A bidirectional multilayer contrastive adaptation network with anatomical structure preservation for unpaired cross-modality medical image segmentation

Abstract

Multi-modal medical image segmentation has achieved great success through supervised deep learning networks. However, because of domain shift and limited annotation information, unpaired cross-modality segmentation tasks are still challenging. The unsupervised domain adaptation (UDA) methods can alleviate the segmentation degradation of cross-modality segmentation by knowledge transfer between different domains, but current methods still suffer from the problems of model collapse, adversarial training instability, and mismatch of anatomical structures. To tackle these issues, we propose a bidirectional multilayer contrastive adaptation network (BMCAN) for unpaired cross-modality segmentation. The shared encoder is first adopted for learning modality-invariant encoding representations in image synthesis and segmentation simultaneously. Secondly, to retain the anatomical structure consistency in cross-modality image synthesis, we present a structure-constrained cross-modality image translation approach for image alignment.
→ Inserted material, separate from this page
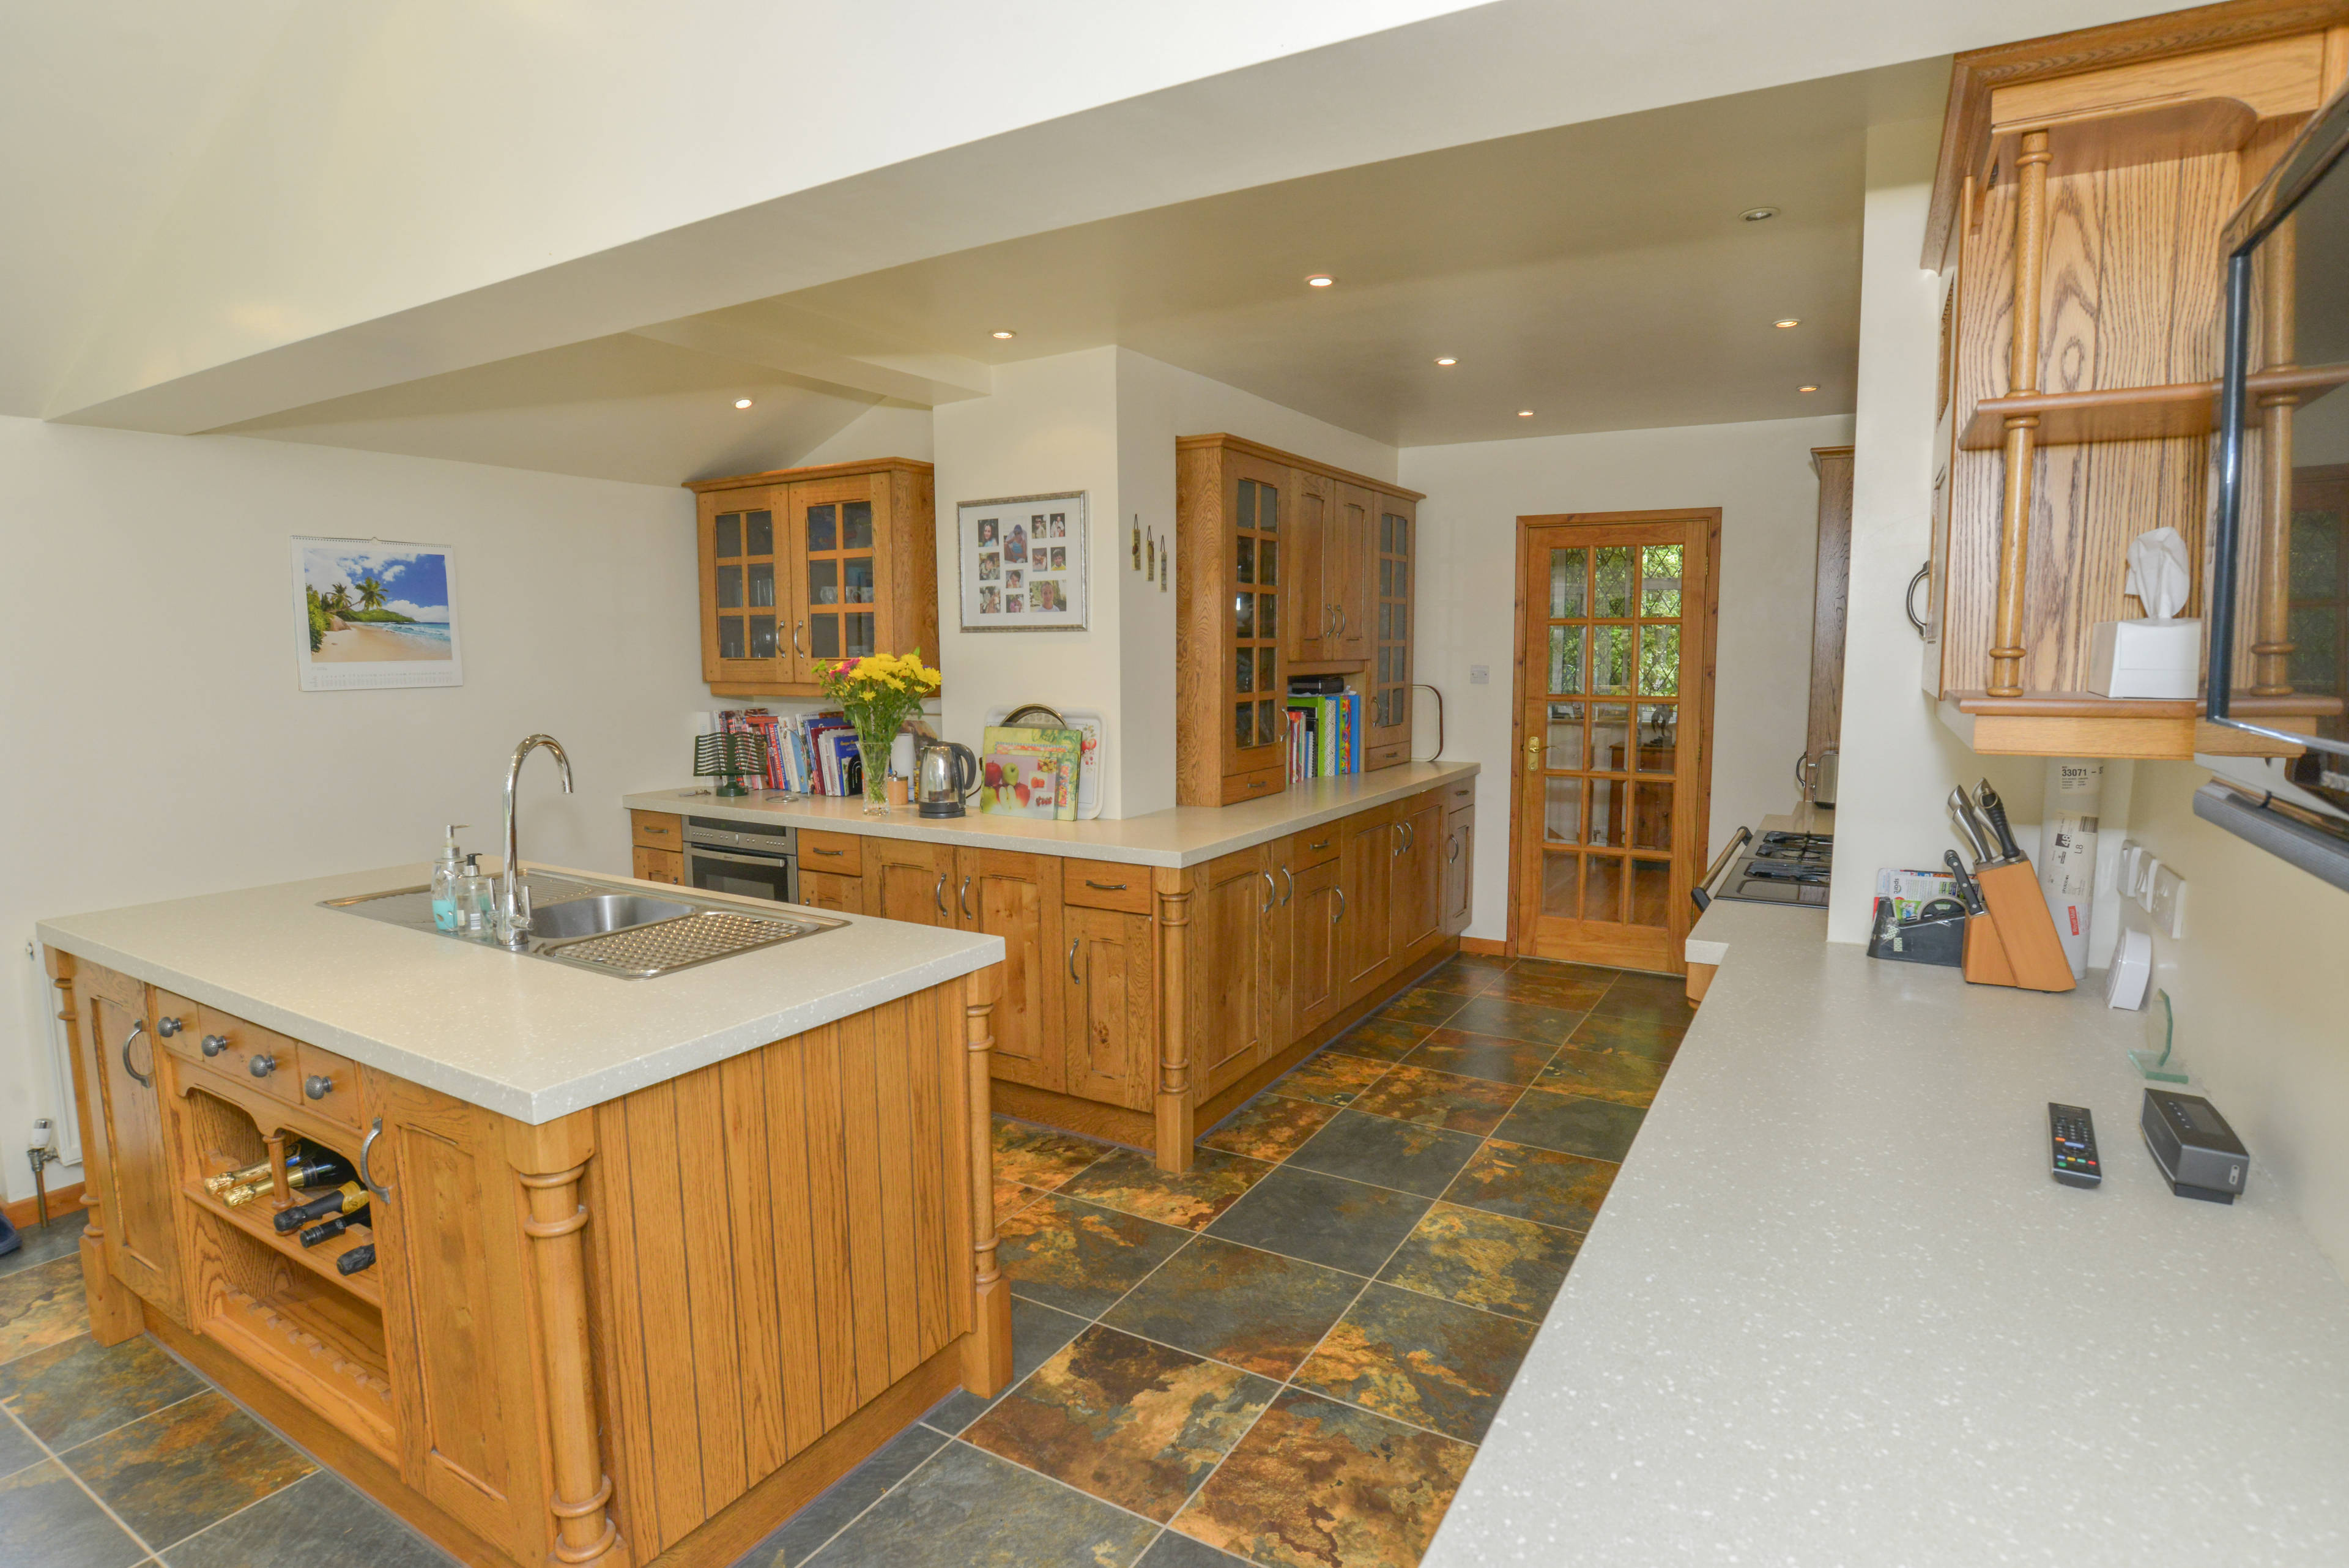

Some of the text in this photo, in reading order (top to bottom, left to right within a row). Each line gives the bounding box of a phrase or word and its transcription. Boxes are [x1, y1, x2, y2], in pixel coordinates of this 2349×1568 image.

[2061, 768, 2087, 777] 33071
[2061, 834, 2071, 847] 48
[2074, 844, 2084, 854] L8
Thirdly, we construct a bidirectional multilayer contrastive learning approach to preserve the anatomical structures and enhance encoding representations, which utilizes two groups of domain-specific multilayer perceptron (MLP) networks to learn modality-specific features. Finally, a semantic information adversarial learning approach is designed to learn structural similarities of semantic outputs for output space alignment. Our proposed method was tested on three different cross-modality segmentation tasks: brain tissue, brain tumor, and cardiac substructure segmentation. Compared with other UDA methods, experimental results show that our proposed BMCAN achieves state-of-the-art segmentation performance on the above three tasks, and it has fewer training components and better feature representations for overcoming overfitting and domain shift problems. Our proposed method can efficiently reduce the annotation burden of radiologists in cross-modality image analysis.